Now, a nat. trans. $\alpha: F \rightarrow G$ takes $0$ and gives a morph. $F(0)\rightarrow G(0)$, i.e., it takes $0$ and gives an element $\alpha_0 \in Hom(V_1,W_1)$ such that for any $f \in Aut(0)$ we have $\alpha_0 \circ F(f) = G(f) \circ \alpha_0$ (the commutative diagram in the link you gave above for nat. trans.). And similarly for $1 \in Obj(Z_2)$.

So, does this imply that $F(f) = G(f)$? If so, does this imply that $V_1$ is equal (isom.) to $W_1$? Similarly for $V_2$ and $W_2$? Otherwise, we have no idea how to classify the set of $Z_2$-equivariant vector bundles over $Z_2$, other than saying that it is the cat. of all functors and nat. transformations as given above.

• CommentRowNumber9.
• CommentAuthorUrs
• CommentTimeApr 12th 2010
• (edited Apr 12th 2010)

So, does this imply

No. Think of the example where $F$ is a direct sum of $G$ with some other equivariant vector bundle, and $\alpha$ the projection.

In fact, maybe it helps to see how we are now dealin here with nothing but representation theory. Notice that we have

$Rep(G) \simeq Func(*//G, Vect)$

the category of linear representations of a group is equivalently the functor category of functors from $*//G = \mathbf{B}G$ to $Vect$.

• CommentRowNumber10.
• CommentAuthorrdkw10
• CommentTimeApr 12th 2010

So, are you saying that the category of $G$-equivariant bundles over $G$, which is just $Func(\star//G, Vect)$, is isomorphic to the cat. of linear reps. of $G$, $Rep(G)$, whose objects are reps of $G$ and whose morphs are intertwiners?

• CommentRowNumber11.
• CommentAuthorUrs
• CommentTimeApr 12th 2010

No, but something close to that in the special case that you were giving me: if the action of $G$ on $X$ is trivial, as in the case of the adjoint action of an abelian $G$ on itself for $X = G$, then an equivariant vector bundle on $X$ is clearly just a vector bundle with a representation of $G$, or equivalently a bundle of such representations. If then $X$ is the point, this is just a single representation.

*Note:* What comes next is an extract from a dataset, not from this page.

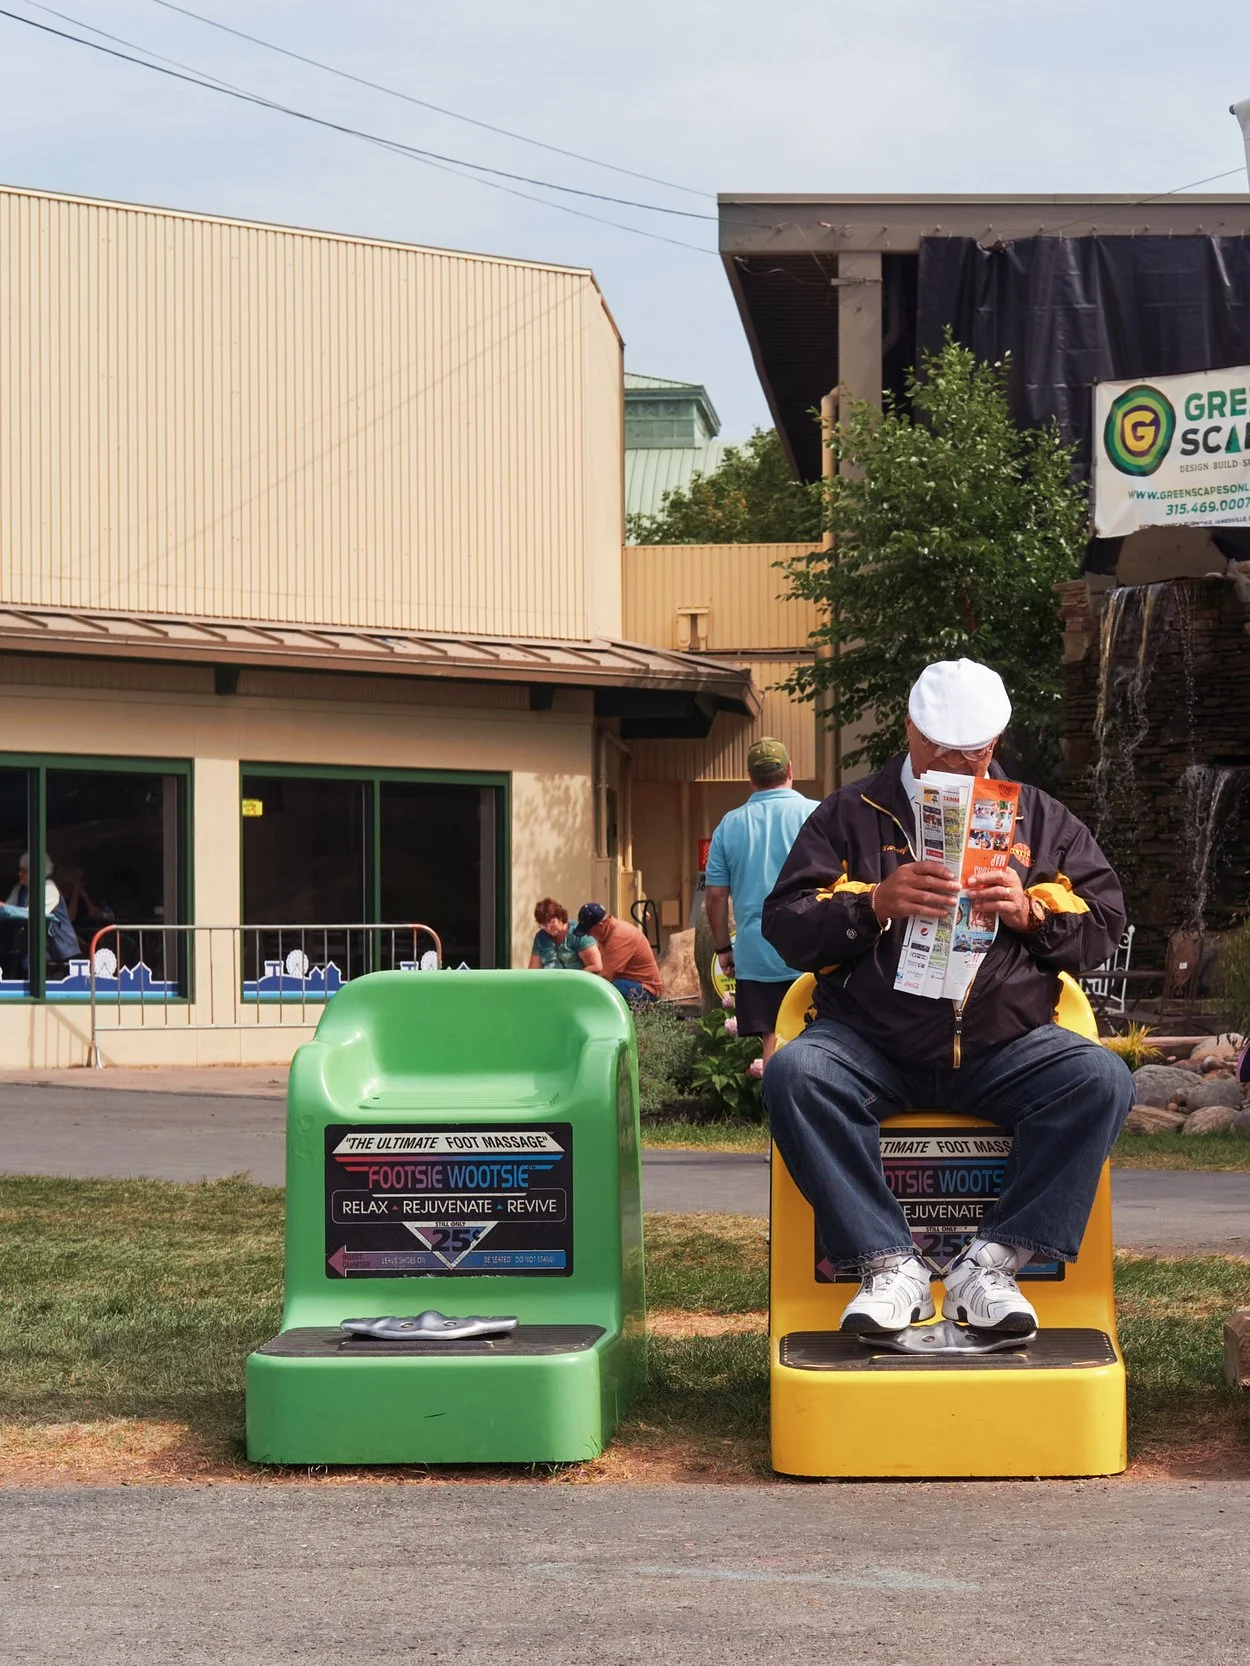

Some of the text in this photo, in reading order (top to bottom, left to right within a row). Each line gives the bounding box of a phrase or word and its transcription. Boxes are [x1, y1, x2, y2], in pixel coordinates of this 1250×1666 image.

If you know what an action groupoid $X//G$ is, what the category Vect is, what a functor and a natural transformation is, then you have enough information to unwind the definitions to your heart’s content of what the functor category $Func(X//G, Vect)$ is. try to play around a bit with it until you feel comfortable and see the light.

• CommentRowNumber12.
• CommentAuthorrdkw10
• CommentTimeApr 12th 2010

if the action of $G$ on $X$ is trivial, as in the case of the adjoint action of an abelian $G$ on itself for $X=G$, then an equivariant vector bundle on $X$ is >clearly just a vector bundle with a representation of $G$, or equivalently a bundle of such representations. If then $X$ is the point, this is just a single >representation.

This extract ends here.